Get These Off Me!
Finding yourself in a mental hospital makes you think your life’s ended, you have it the worst. That, until you look around and meet other patients. Then maybe you’ll feel better with a hint of guilt.
I had a mental breakdown after escaping an abusive relationship with my boyfriend, sorry, now it’s ex-boyfriend, the doctors and nurses make sure I remember it correctly. After overdosing painkillers, I ended up as an inpatient for undefined time. Thinking that I might spend this hell knows how long time productively, I gave in to the medication and let the doctors trying to fix me. Not that I was broken, they said. Yeah, then why I’m even here?
Anyway, I took my meds, I went to group, I did everything required. Despite my best efforts at the moment, it seemed like I’m not getting better, what’s more, as time went by, I felt myself reaching new layers of hell.
One day I was especially goofy when I went to my group session right after breakfast. I couldn’t eat a bite, even though today’s meal was pancakes with maple syrup; my throat just seemed extremely tight. Our mentor of course, pointed it out right away, bringing all attention to me. Great. I somehow dodged all her questions and she let it slide in a few minutes.
I’m sure everyone has worse days, waking up just like that, like on that day you’re expecting the four horsemen of the apocalypse to knock on your door and leash hell upon Earth. We all handle it differently; as for me, I incline to turn silent and suffer in peace. Others just scream. I sometimes hear them on the corridor or during free-time. I don’t mind it, if it helps them, let them be. However that day as I was wondering how many shitty days one can endure during a period of lifetime, I thought I’ve seen every coping mechanism, every worse state, every ugly outbreak of every mad mind; I suddenly learned I was wrong.
Karin was talking about her progress about dealing with her twin’s death. Poor woman, she and her sister has been by each other’s side since conception, and a few months ago police officers shot Sheila while she went grocery shopping. Karin let her go alone, and ever since that day she’s been self-destructive, blaming herself, saying she should’ve gone with her, like always. But she hadn’t felt well, so she stayed at home. Damn, I get her, I’d feel awful too. But now she said she feels better. I hoped it’s not just the meds talking. Karin showed a fade smile, but instantly froze as everyone in the group.
Inhuman screams came from the room next door, and soon it was followed by staff yelling. The whole cacophony seemed to get louder, making me shiver as realization hit: they were getting closer and closer.
The mentor jumped up and ran to the door, looking outside through the small windows on it. A few of us followed her, and I hate to admit it, but my morbid curiosity got the better of me: I found myself standing at the door too, looking at the small crowd on the corridor.
Nurses and doctors in white formed a circle around someone, trying to calm and to overpower them. The person in the middle shrieked, punched and kicked, putting up a fight that needed seven opponents to make it fair.
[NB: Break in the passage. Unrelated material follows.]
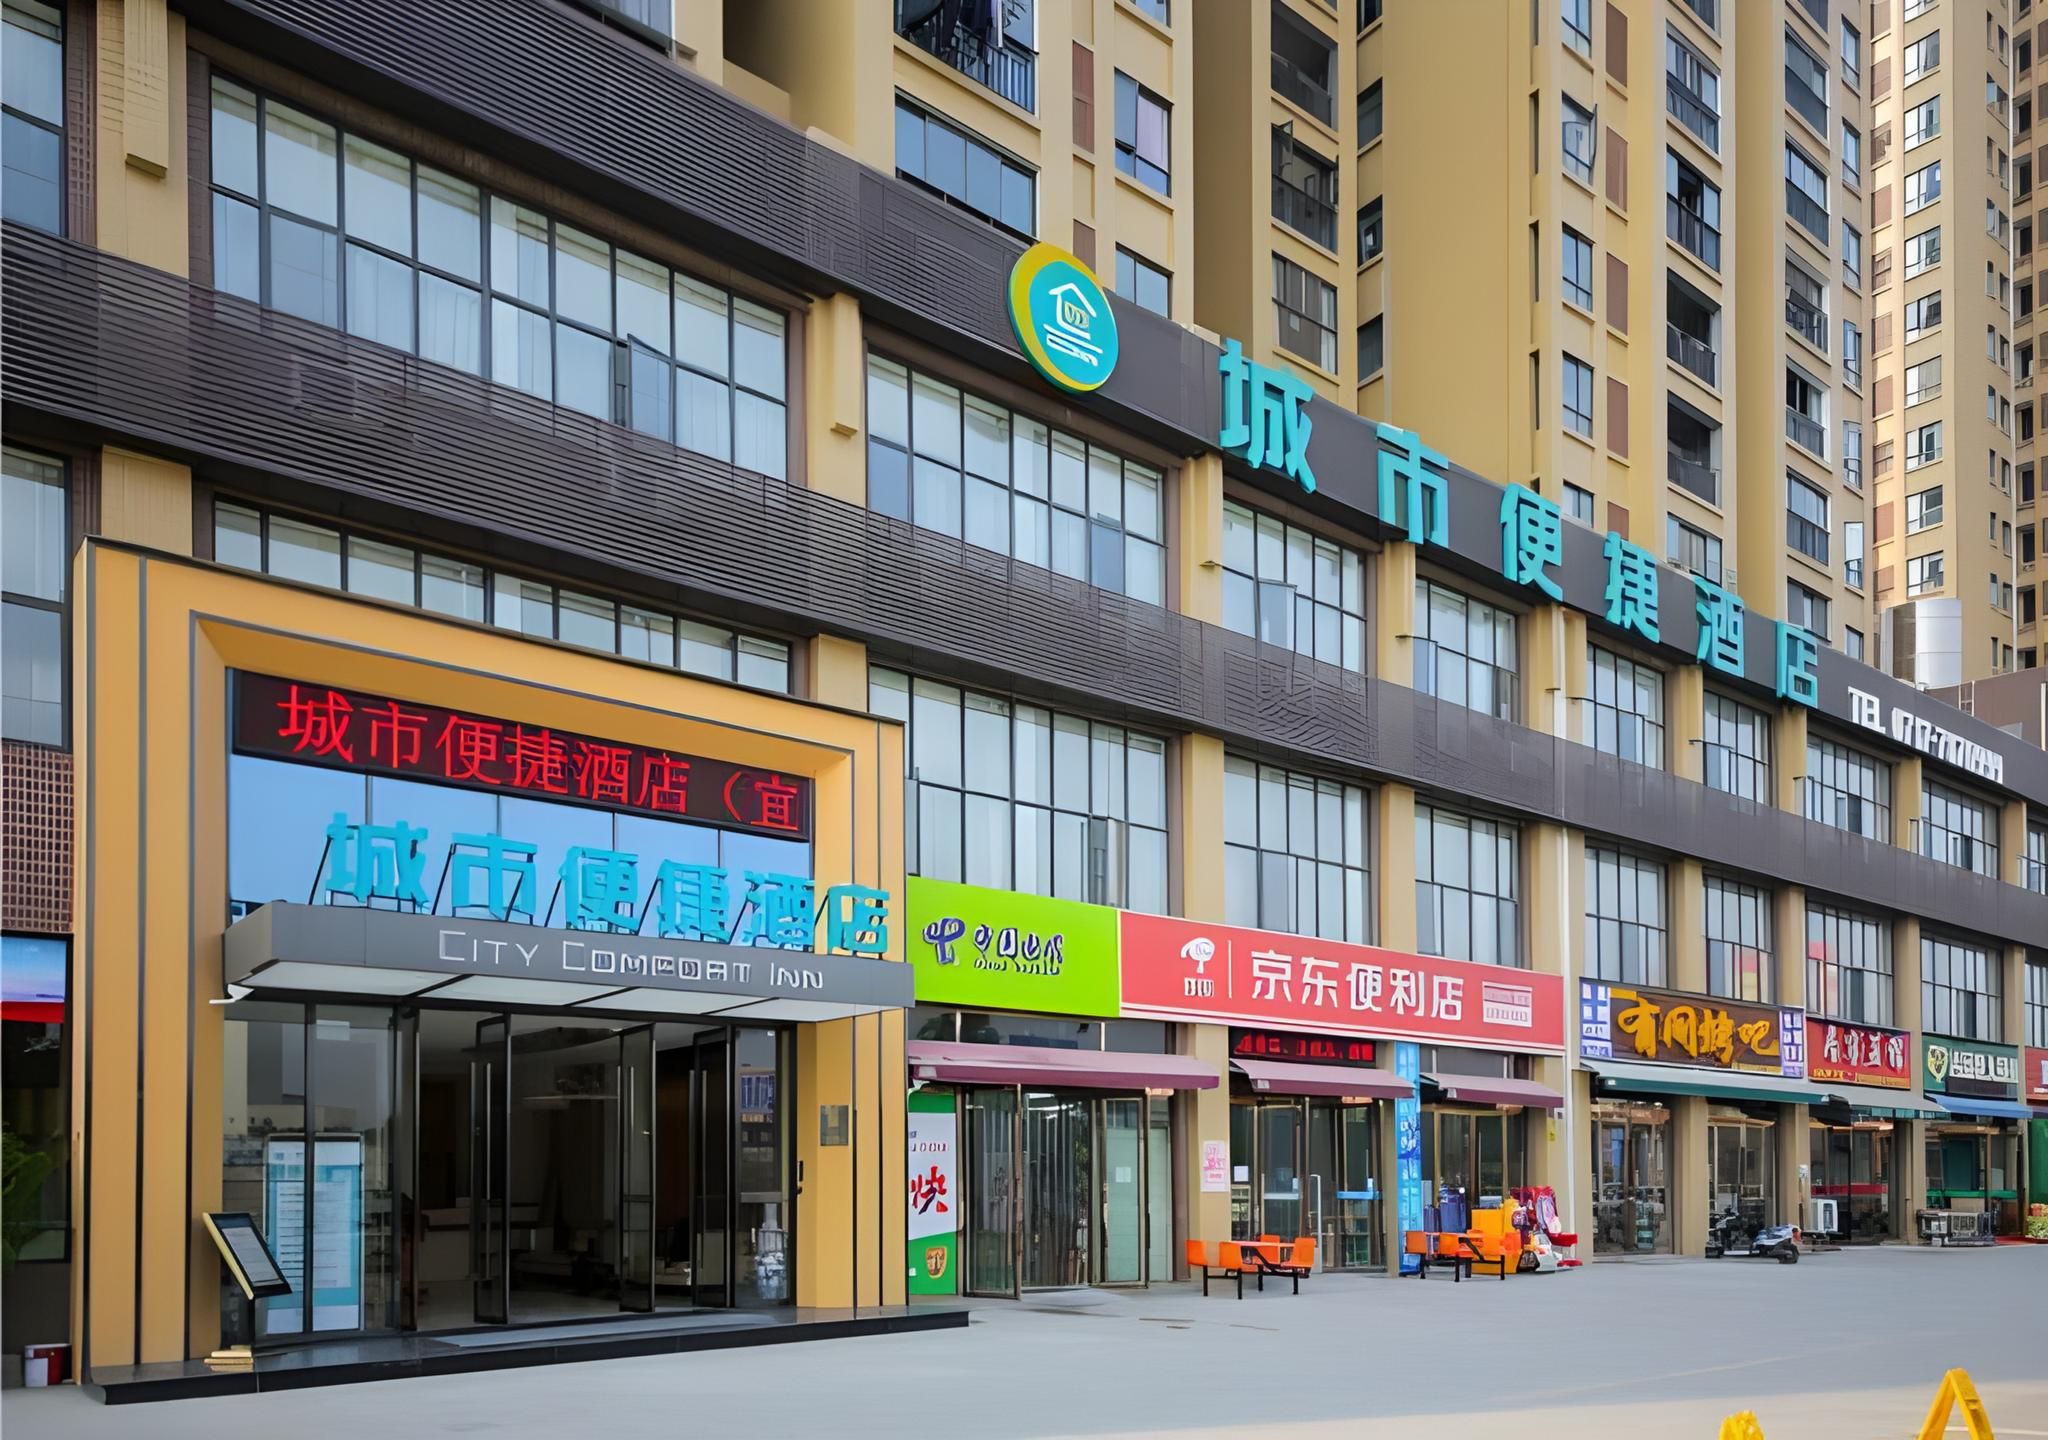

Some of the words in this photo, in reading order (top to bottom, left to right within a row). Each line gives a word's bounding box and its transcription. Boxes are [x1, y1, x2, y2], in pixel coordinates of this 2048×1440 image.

Then we saw red. More yelling, red tainting the white uniforms, screams and cries that haunt me still. Our mentor was just as confused as we were frightened, but she held herself together just enough to appear only slightly disturbed and she made sure we don’t go outside and remain calm. She was just about to turn to us and lead us back to our seats when I got a glimpse of the person bleeding, and the shouting formed the words ‘Get these off me!’. It was… The person was tearing down their breasts off their own body with bare hands. Even the short nails dig into the skin and flesh like blades. The screaming continued but my vision blurred. I was escorted back to my seat and the next thing I noticed is a nurse coming into the room after who knows how much time, whispering to the mentor and leaving.
Then she explained. She said that in her opinion it’s better if she informs us rather than leaving us to our imagination and gossips.
The patient in the corridor is a trans man, driven kinda crazy by society and his own family. He weren’t allowed transition, because his parents believed that he’s mentally ill. What we witnessed was one of his worse moments.